Gobierno lanza «Costa Rica Centenaria», una iniciativa que busca mejorar la atención integral de las personas de 100 años o más que viven en la Península de Nicoya, una de las cinco Zonas Azules del mundo.
Por: Redacciòn www.costaricamayor.com
Costa Rica dio un paso simbólico hacia el reconocimiento de la longevidad como un patrimonio nacional. En el marco de la conmemoración de los 202 años de la Anexión del Partido de Nicoya, la presidenta Laura Fernández presentó la estrategia Costa Rica Centenaria, un plan que pretende coordinar la atención de aproximadamente 70 personas centenarias que residen en Guanacaste, especialmente en la reconocida Zona Azul de la Península de Nicoya.

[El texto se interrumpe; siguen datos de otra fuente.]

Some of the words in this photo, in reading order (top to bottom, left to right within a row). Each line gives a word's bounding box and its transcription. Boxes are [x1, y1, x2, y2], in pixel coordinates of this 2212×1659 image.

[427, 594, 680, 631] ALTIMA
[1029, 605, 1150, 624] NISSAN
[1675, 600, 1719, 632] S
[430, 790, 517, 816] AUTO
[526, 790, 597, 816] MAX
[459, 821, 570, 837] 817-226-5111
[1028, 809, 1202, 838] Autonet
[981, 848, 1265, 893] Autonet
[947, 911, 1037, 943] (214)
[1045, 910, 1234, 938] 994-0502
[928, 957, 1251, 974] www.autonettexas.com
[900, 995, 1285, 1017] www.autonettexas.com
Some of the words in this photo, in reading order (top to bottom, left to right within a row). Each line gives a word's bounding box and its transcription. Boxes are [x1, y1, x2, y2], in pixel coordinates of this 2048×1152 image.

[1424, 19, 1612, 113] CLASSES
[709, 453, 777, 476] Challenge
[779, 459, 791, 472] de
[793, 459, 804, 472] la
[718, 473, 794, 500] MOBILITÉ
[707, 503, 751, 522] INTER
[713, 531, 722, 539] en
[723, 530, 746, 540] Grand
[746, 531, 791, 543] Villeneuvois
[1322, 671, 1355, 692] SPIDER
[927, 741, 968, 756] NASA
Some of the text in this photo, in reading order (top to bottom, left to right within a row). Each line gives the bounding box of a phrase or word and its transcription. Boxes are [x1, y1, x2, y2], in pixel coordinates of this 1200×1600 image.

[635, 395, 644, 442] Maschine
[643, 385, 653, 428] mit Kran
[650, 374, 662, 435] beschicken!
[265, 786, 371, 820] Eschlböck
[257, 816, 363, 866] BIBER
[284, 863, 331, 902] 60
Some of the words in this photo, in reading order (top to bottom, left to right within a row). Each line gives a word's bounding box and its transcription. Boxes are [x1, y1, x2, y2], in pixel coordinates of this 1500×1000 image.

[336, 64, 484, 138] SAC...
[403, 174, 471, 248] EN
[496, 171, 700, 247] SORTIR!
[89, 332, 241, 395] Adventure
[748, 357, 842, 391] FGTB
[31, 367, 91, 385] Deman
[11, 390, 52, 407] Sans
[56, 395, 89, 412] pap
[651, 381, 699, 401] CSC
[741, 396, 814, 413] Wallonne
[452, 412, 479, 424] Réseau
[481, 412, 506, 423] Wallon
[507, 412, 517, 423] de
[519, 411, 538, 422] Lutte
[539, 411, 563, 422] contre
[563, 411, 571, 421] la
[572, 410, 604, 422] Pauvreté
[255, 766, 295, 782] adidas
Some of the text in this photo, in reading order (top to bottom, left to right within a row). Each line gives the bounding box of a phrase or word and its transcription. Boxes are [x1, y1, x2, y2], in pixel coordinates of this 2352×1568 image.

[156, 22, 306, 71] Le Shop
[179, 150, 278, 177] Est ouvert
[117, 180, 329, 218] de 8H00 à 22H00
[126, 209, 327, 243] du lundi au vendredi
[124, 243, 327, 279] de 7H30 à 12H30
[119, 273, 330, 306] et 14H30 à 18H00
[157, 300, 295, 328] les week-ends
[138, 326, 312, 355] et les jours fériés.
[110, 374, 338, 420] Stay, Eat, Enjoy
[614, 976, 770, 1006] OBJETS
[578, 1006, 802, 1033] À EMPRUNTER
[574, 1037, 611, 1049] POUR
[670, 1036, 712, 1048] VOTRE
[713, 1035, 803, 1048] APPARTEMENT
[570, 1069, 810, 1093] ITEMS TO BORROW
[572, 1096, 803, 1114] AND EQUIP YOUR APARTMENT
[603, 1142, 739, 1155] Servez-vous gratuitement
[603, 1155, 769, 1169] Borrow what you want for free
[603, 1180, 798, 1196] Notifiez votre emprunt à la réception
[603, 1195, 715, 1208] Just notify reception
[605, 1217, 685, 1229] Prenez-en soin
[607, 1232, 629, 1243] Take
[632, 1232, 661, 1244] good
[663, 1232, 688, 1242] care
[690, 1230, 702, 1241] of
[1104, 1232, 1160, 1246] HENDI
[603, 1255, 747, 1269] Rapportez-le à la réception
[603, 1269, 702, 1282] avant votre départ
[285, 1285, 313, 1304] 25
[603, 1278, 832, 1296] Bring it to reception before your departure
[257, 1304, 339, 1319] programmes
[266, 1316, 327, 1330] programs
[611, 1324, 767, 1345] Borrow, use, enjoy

La iniciativa busca articular el trabajo de diversas instituciones públicas para brindar una atención más integral a quienes han alcanzado los 100 años o más, una población que representa un ejemplo excepcional de envejecimiento y longevidad a nivel mundial.
La Zona Azul de Nicoya: un laboratorio natural de longevidad
La Península de Nicoya es una de las cinco Zonas Azules identificadas en el planeta, regiones donde un número inusualmente alto de personas supera los 100 años manteniendo una buena calidad de vida.
Investigaciones científicas atribuyen esta longevidad a una combinación de factores como:
- una alimentación basada en productos naturales;
- actividad física cotidiana;
- fuertes vínculos familiares y comunitarios;
- sentido de propósito de vida;
- acceso a redes de apoyo social.
Durante décadas, Nicoya ha despertado el interés de investigadores internacionales que buscan comprender cómo estos factores favorecen un envejecimiento saludable.
Una estrategia que pone a los centenarios en el centro
Según informó el Gobierno, Costa Rica Centenaria pretende facilitar la coordinación entre instituciones responsables de la atención en salud, protección social y acompañamiento comunitario de las personas centenarias.
El anuncio se realizó durante una gira presidencial por Guanacaste, donde también se reconoció públicamente el aporte histórico y cultural de quienes han alcanzado edades excepcionales.
Entre los momentos más emotivos destacó la visita a don José Flores Flores, vecino de Sardinal de Carrillo, cuya extraordinaria longevidad ha llamado la atención nacional.
Más que celebrar cumpleaños: garantizar derechos
Para especialistas en envejecimiento, llegar a los 100 años constituye un logro extraordinario, pero también plantea nuevos desafíos para las políticas públicas.
Las personas centenarias suelen requerir servicios altamente coordinados que integren:
- atención médica especializada;
- cuidados de larga duración;
- rehabilitación;
- apoyo a las personas cuidadoras;
- accesibilidad;
- protección de sus derechos y autonomía.
El envejecimiento acelerado de la población costarricense hace prever que el número de centenarios continuará aumentando durante las próximas décadas, por lo que las acciones dirigidas a este grupo podrían convertirse en un modelo para el futuro.
El desafío será convertir el anuncio en resultados
Aunque el anuncio ha sido recibido positivamente, diversos sectores consideran que ahora será fundamental conocer detalles sobre su implementación.
Entre las principales interrogantes destacan:
- ¿Qué instituciones participarán?
- ¿Cómo se identificarán los beneficiarios?
- ¿Qué servicios específicos recibirán?
- ¿Existirá financiamiento permanente?
- ¿Cómo se medirá el impacto de la estrategia?
Responder estas preguntas permitirá valorar si Costa Rica Centenaria se convierte en una política pública sostenible o permanece únicamente como un anuncio conmemorativo.
Una oportunidad para revalorizar la longevidad
Más allá del programa gubernamental, la estrategia envía un mensaje importante: las personas centenarias no son una curiosidad estadística, sino ciudadanos con derechos, historias de vida y conocimientos que enriquecen a toda la sociedad.
En un país donde la esperanza de vida continúa creciendo, proteger la calidad de vida de quienes alcanzan edades excepcionales implica fortalecer los sistemas de salud, cuidados, participación social y protección de derechos.
La experiencia de la Zona Azul de Nicoya demuestra que vivir más años puede ir acompañado de bienestar cuando existen condiciones sociales, comunitarias y familiares favorables. El reto para Costa Rica será transformar ese aprendizaje en políticas públicas que beneficien no solo a los centenarios de hoy, sino también a las generaciones que aspiran a llegar a esa etapa de la vida con dignidad, autonomía y buena salud.